┌────────

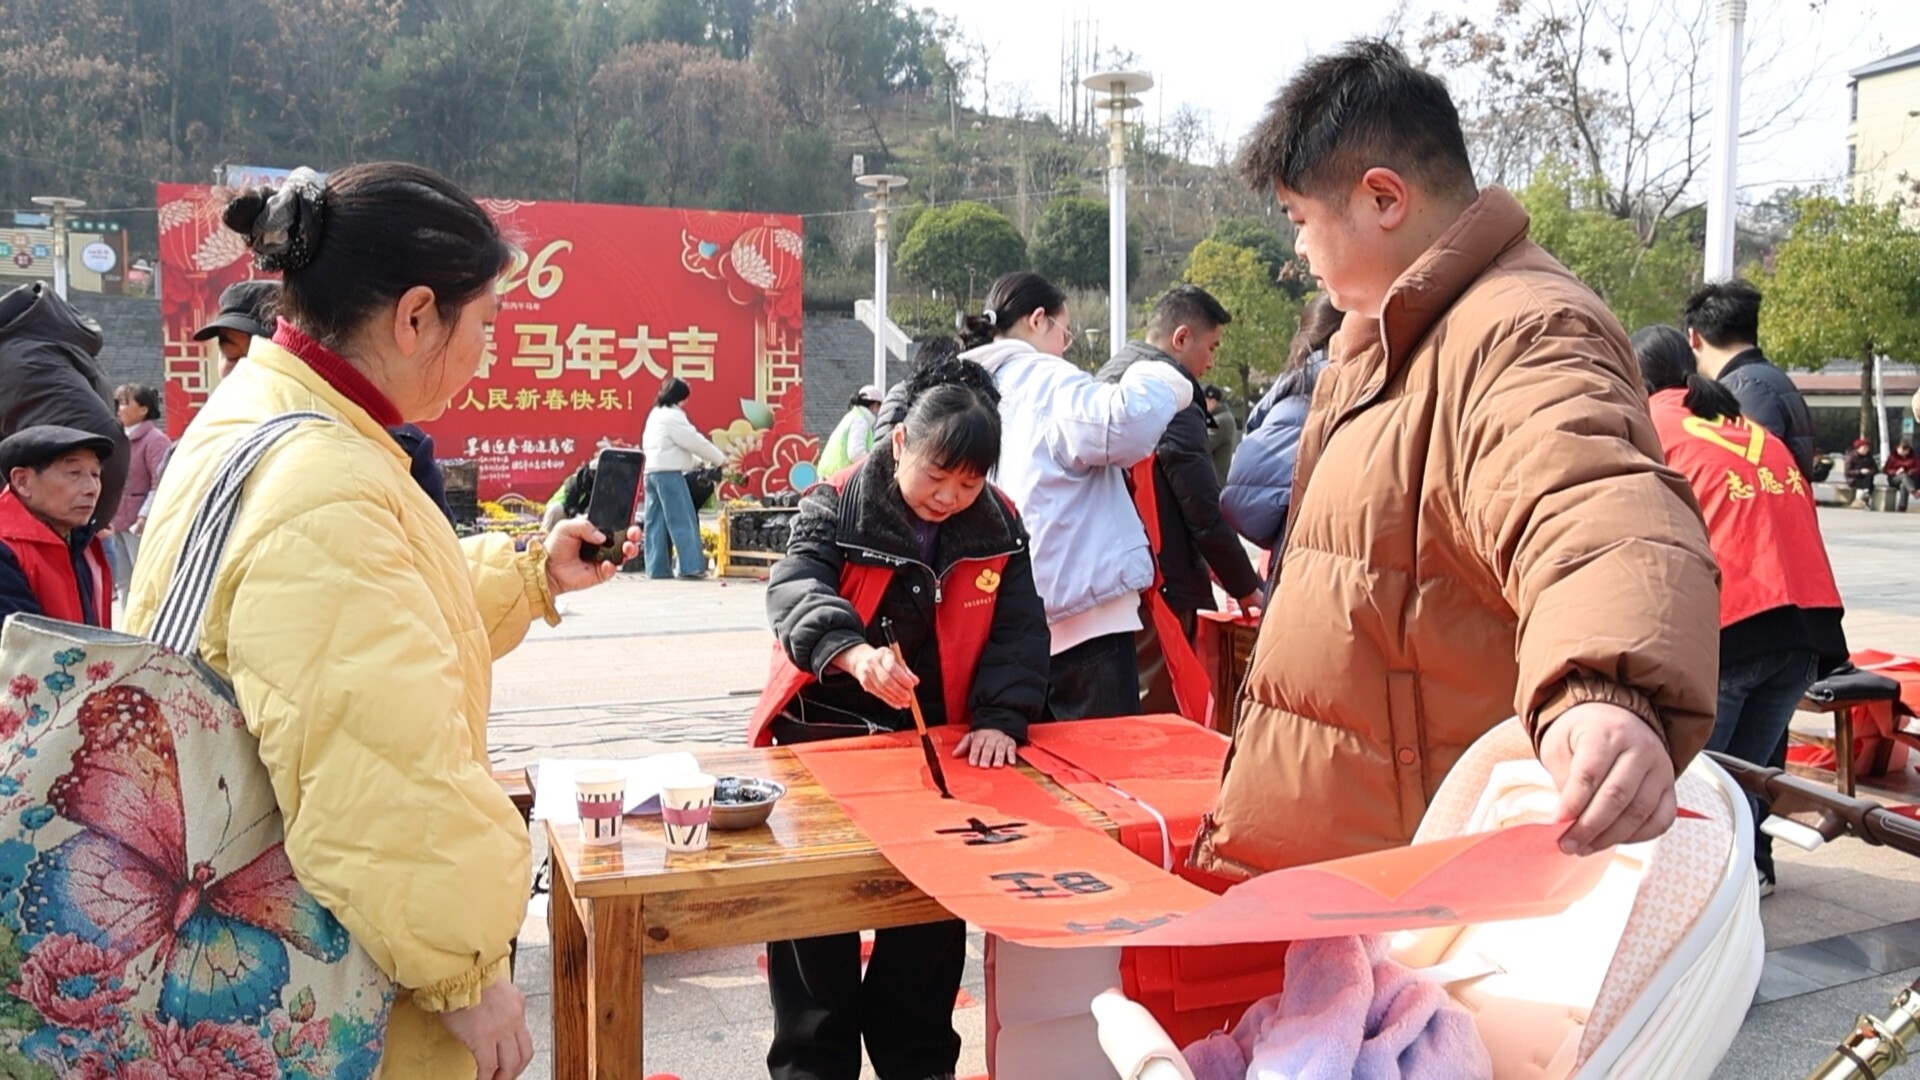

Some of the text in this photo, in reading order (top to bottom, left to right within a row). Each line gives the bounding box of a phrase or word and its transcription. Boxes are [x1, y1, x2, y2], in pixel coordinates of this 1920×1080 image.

[511, 323, 719, 382] 马年大吉
[446, 387, 633, 412] 人民新春快乐！
[1725, 465, 1806, 503] 志愿者
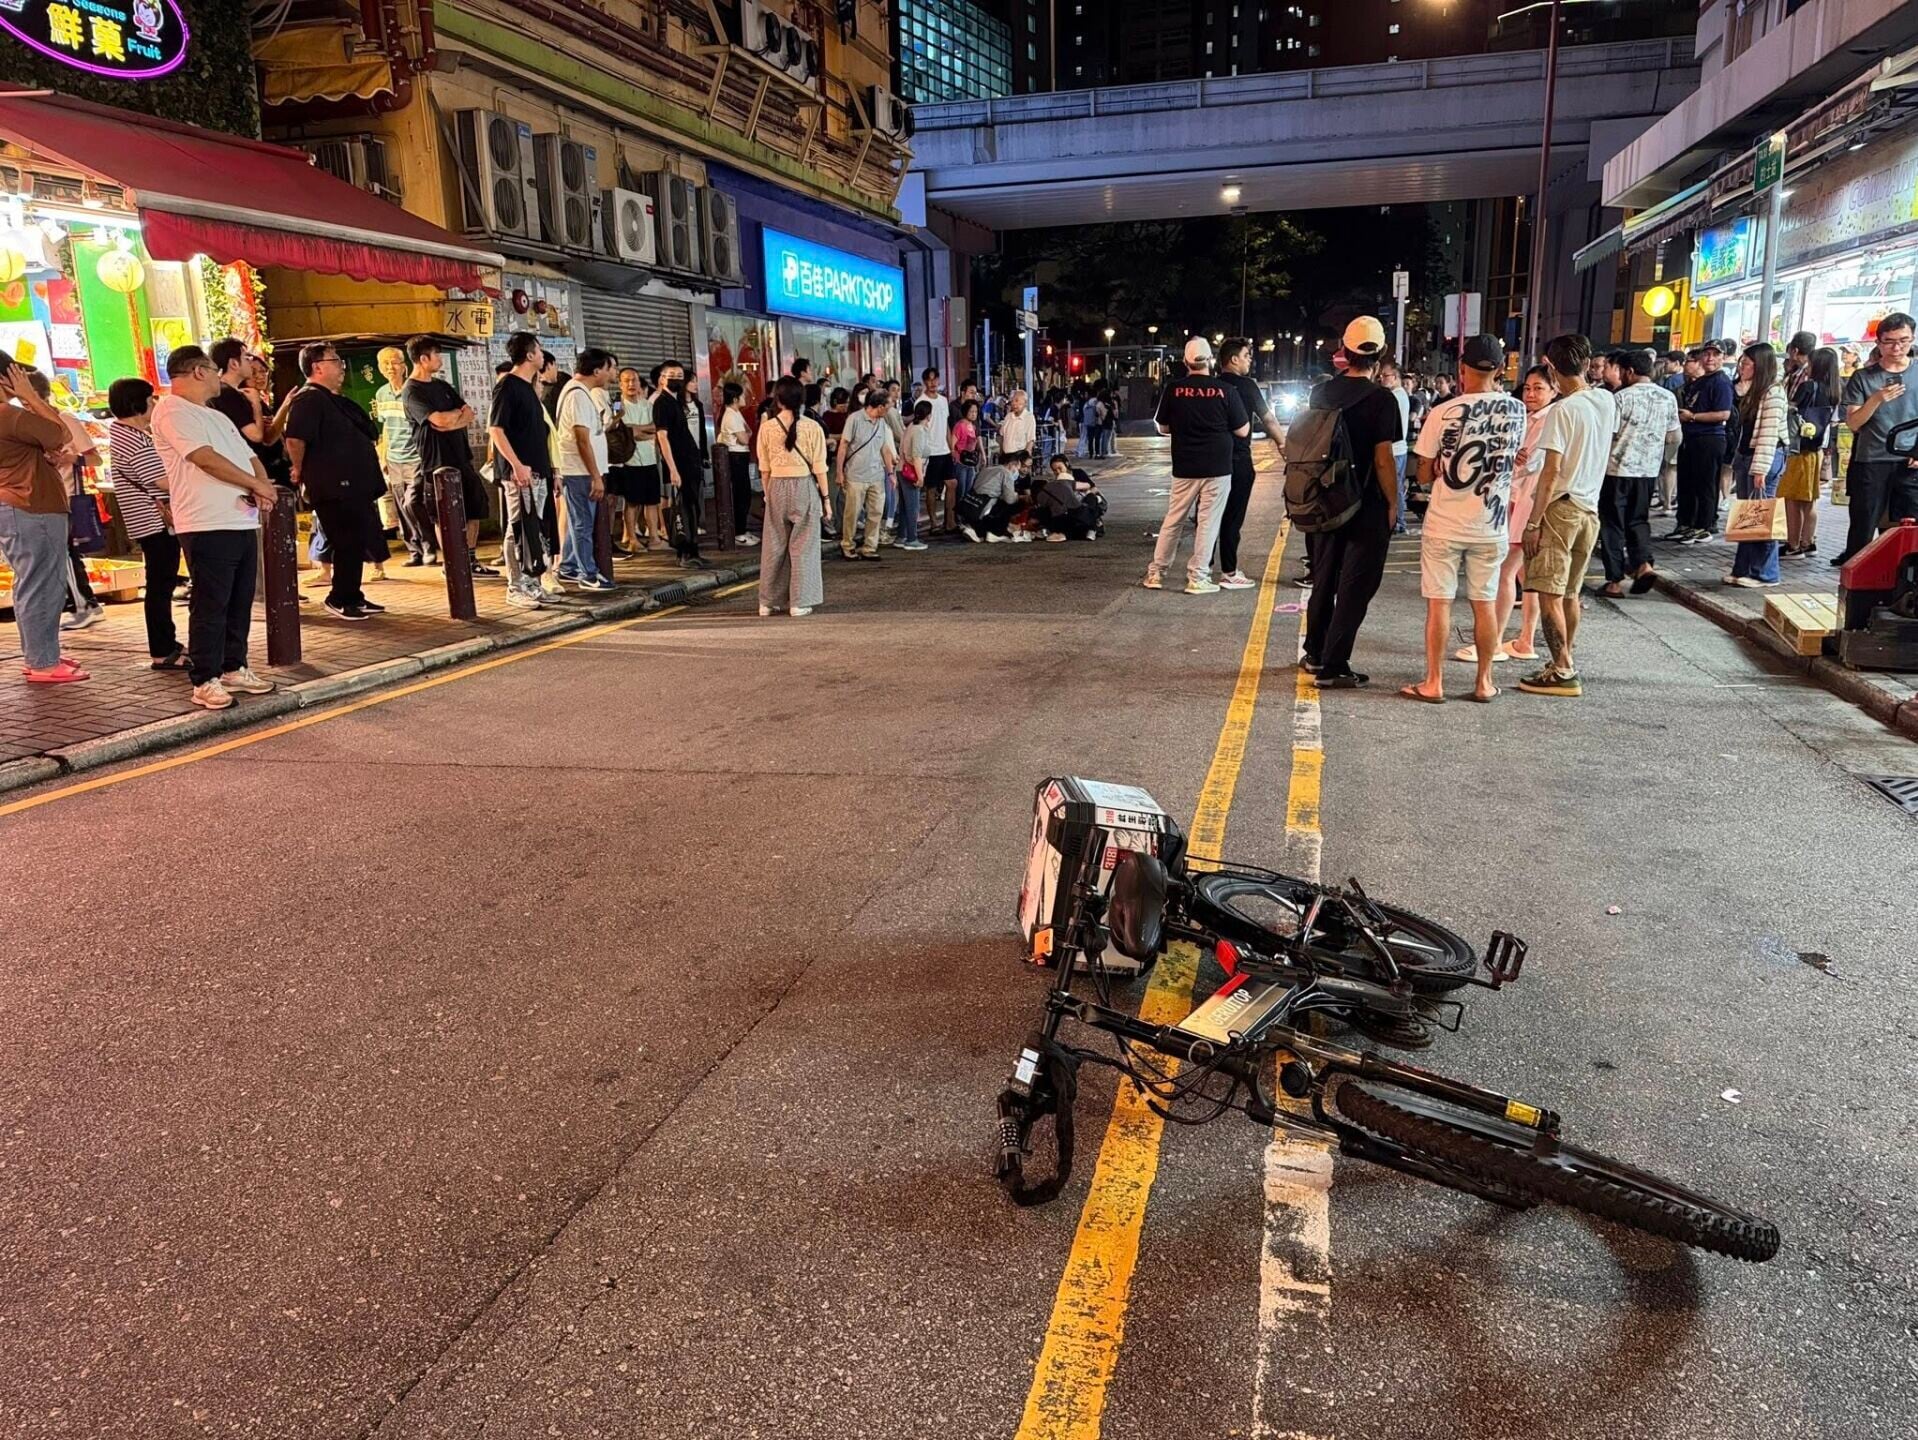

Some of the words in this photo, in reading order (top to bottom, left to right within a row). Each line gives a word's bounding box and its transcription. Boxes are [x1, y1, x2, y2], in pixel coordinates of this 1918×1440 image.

[127, 38, 162, 60] Fruit
[800, 261, 825, 298] 百佳
[447, 307, 492, 335] 水電
[1175, 387, 1225, 398] PRADA
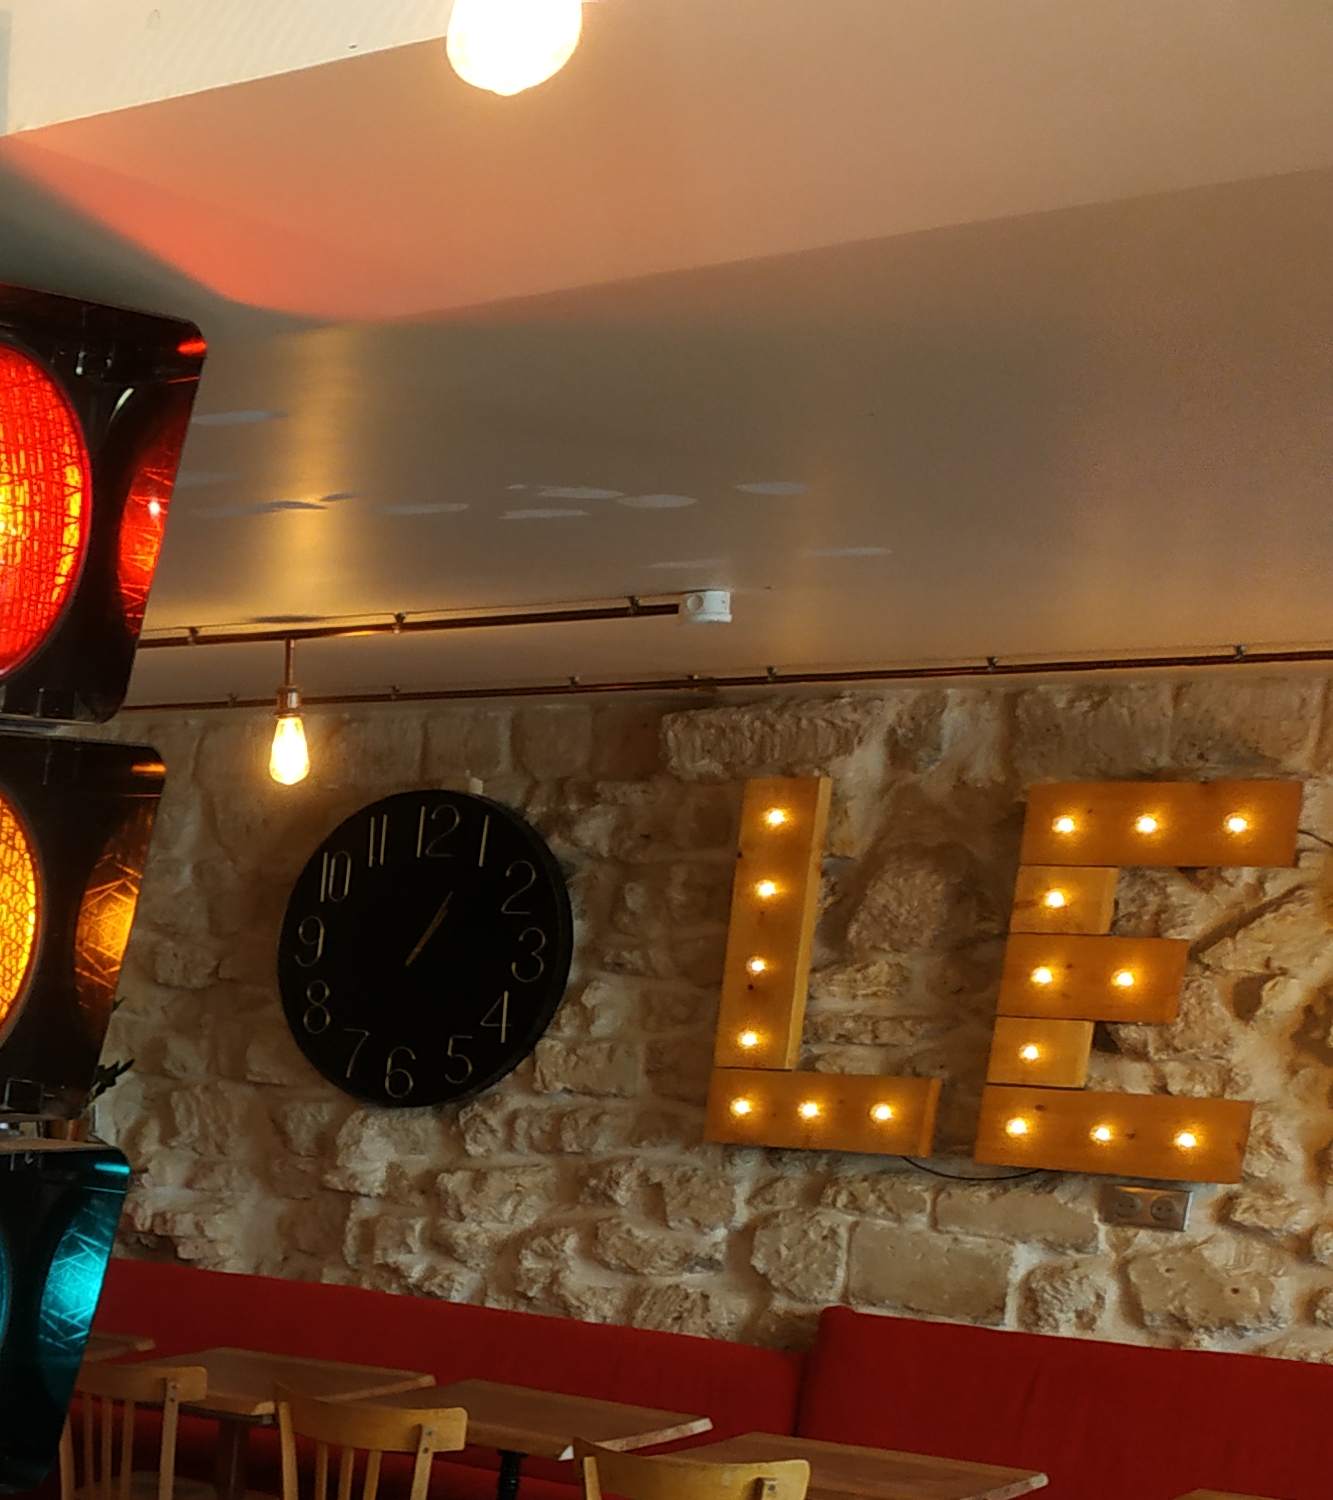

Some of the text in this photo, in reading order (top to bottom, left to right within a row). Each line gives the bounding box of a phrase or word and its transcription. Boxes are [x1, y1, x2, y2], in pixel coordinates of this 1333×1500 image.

└────────

**WHAT YOU HAVE TO DO**
Start at the top line above and repeat the records verbatim, leaving images out.

**COMPLETED EXERCISE**
Some of the text in this photo, in reading order (top to bottom, left to right within a row). Each line gives the bounding box of a phrase or word and its transcription. Boxes are [x1, y1, x2, y2], in pixel coordinates of this 1920×1080 image.

[511, 323, 719, 382] 马年大吉
[446, 387, 633, 412] 人民新春快乐！
[1725, 465, 1806, 503] 志愿者

Some of the words in this photo, in reading order (top to bottom, left to right within a row). Each line gives a word's bounding box and its transcription. Boxes are [x1, y1, x2, y2], in pixel coordinates of this 1918×1440 image.

[127, 38, 162, 60] Fruit
[800, 261, 825, 298] 百佳
[447, 307, 492, 335] 水電
[1175, 387, 1225, 398] PRADA

Some of the text in this photo, in reading order (top to bottom, left to right within a row). Each line gives the bounding box of a phrase or word and its transcription. Boxes are [x1, y1, x2, y2], in pixel coordinates of this 1333×1500 image.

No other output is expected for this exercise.